Researchers at the Max Planck Institute of Biochemistry and Ludwig-Maximilians-Universität München have developed a method to study spontaneous molecular interactions on biological membranes. Their method, called Mass-Sensitive Particle Tracking (MSPT), determines the movements and reactions of individual unlabeled proteins on biological membranes solely by their mass.
Cellular processes on membranes are often fast and short-lived. Molecules assemble briefly, separate again, interact with different partners and move along or through the membrane. It is therefore important to not only study static snapshots of these processes, but also to understand their dynamics.

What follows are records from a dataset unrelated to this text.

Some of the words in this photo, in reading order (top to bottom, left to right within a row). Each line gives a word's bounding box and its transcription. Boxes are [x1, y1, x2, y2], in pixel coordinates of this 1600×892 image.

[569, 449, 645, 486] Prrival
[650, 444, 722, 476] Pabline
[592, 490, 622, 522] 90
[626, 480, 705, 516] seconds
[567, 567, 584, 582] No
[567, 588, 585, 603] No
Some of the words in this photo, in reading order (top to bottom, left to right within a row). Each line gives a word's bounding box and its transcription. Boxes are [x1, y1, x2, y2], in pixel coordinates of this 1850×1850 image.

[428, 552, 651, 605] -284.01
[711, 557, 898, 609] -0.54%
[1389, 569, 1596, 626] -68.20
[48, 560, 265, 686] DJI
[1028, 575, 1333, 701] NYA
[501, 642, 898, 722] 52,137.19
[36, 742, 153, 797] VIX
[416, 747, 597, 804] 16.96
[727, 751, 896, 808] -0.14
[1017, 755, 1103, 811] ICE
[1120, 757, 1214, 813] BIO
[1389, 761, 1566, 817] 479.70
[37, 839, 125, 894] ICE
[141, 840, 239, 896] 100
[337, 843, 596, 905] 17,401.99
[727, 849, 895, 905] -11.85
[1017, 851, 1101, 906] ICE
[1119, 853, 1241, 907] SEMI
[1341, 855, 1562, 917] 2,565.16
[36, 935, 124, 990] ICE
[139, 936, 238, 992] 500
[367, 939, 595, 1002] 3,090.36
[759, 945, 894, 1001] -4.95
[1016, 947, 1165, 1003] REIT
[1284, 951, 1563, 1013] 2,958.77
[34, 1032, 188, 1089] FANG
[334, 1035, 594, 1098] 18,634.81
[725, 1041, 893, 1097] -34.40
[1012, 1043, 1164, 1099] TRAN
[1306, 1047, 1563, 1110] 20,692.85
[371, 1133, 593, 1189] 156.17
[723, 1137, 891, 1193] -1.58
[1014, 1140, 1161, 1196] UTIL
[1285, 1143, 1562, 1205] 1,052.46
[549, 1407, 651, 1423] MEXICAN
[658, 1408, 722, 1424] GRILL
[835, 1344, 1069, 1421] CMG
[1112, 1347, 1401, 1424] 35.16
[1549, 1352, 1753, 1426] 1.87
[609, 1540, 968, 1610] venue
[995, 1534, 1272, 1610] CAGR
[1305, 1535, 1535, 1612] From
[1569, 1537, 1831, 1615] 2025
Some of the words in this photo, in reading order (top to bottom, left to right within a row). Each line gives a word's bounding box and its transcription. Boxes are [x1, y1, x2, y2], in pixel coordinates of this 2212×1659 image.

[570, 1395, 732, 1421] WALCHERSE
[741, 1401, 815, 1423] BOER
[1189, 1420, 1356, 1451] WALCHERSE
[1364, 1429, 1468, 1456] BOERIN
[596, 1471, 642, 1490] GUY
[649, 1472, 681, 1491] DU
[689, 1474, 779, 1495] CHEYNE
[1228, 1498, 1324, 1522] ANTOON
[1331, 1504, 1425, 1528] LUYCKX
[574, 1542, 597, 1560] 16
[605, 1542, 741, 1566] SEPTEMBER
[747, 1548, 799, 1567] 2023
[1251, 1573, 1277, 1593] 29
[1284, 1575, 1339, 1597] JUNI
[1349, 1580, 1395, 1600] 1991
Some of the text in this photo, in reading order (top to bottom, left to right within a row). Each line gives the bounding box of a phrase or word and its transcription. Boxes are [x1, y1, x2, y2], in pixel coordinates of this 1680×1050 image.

The starting point for the team was recent advancements in mass photometry. What is new about MSPT is that the dynamics of membrane-associated proteins can now be tracked in their biologically plausible environment. In this process, individual proteins are identified by their molecular mass without the need for labeling. Frederik Steiert, one of the first authors of the paper published recently in Nature Methods, explains "We can now track directly on biological membranes what mass individual proteins have, how they move and how they interact. This allows us to study the dynamics of biological systems in greater detail." Analyzing dynamic processes is particularly important in biology as many processes at the membrane are transient.
The new method relies on videos in which individual proteins on membranes that have been made directly visible are recorded with a microscope. With the aid of analysis software, these proteins can be tracked and their scattering signal, and thus their mass, can be determined. This is currently possible for proteins with a molecular weight of at least 50 kDa.